Meisner cautioned that considerable disinformation often complicates attempts to choose which strategy to use. "I cannot underline more how prevalent misconception is surrounding the evidence-based and safe usage of ketamine and esketamine," he stated. "Particularly on the IV racemic side, there is no solid data to support many of the promises that certain suppliers make. "The misunderstanding, fueled in part by social media, has spread to fields and industries that one would believe to be relatively immune (e.g., allied doctors, sophisticated payers, etc.) "he noted.
“In short, two mantra continue to apply,” Dr. Meisner said. “One – if it sounds too good to be true, it probably is; and two – in pharmacology and interventional psychiatry, we see remarkable progress and potential, but there simply is no such thing as a magic bullet.”

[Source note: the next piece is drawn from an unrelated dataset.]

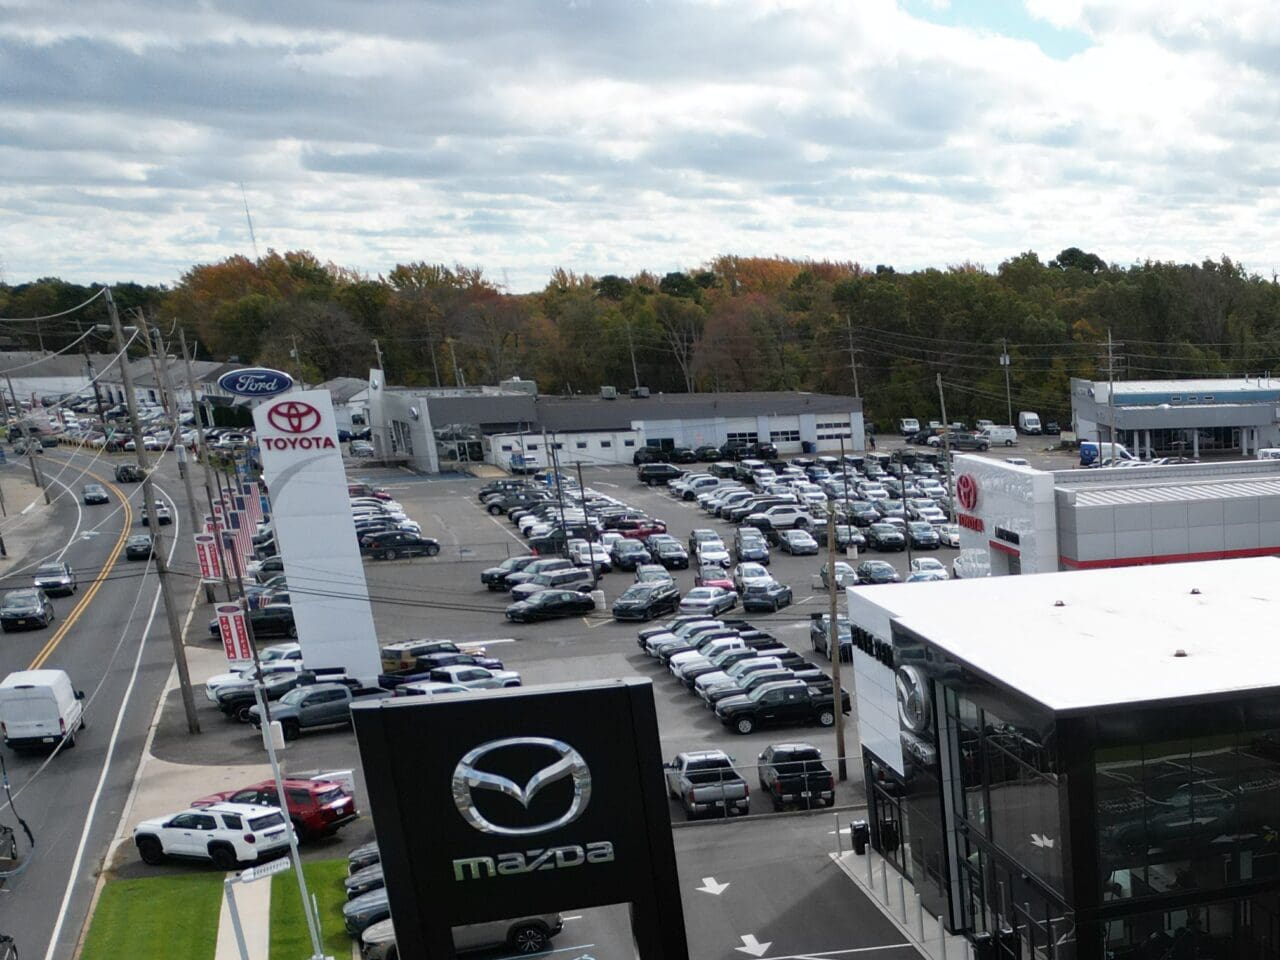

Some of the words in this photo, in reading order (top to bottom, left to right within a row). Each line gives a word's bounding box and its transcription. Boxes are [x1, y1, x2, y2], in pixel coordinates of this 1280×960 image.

[236, 375, 278, 391] Ford
[262, 436, 336, 451] TOYOTA
[220, 616, 236, 659] TOYOTA
[452, 841, 615, 881] mazda

Singh and Meisner reported no disclosures. McIntyre has received research grant funding from the Canadian Institutes of Health Research/Global Alliance for Chronic Diseases/National Natural Science Foundation of China, as well as speaker/consultation fees from Lundbeck, Janssen, Alkermes,Neumora Therapeutics, Boehringer Ingelheim, Sage, Biogen, Mitsubishi Tanabe, Purdue, Pfizer, Otsuka, Takeda, Neurocrine, Sunovion, Bausch Health, Axsome, Novo Nord McIntyre is the chief executive officer of Braxia Scientific.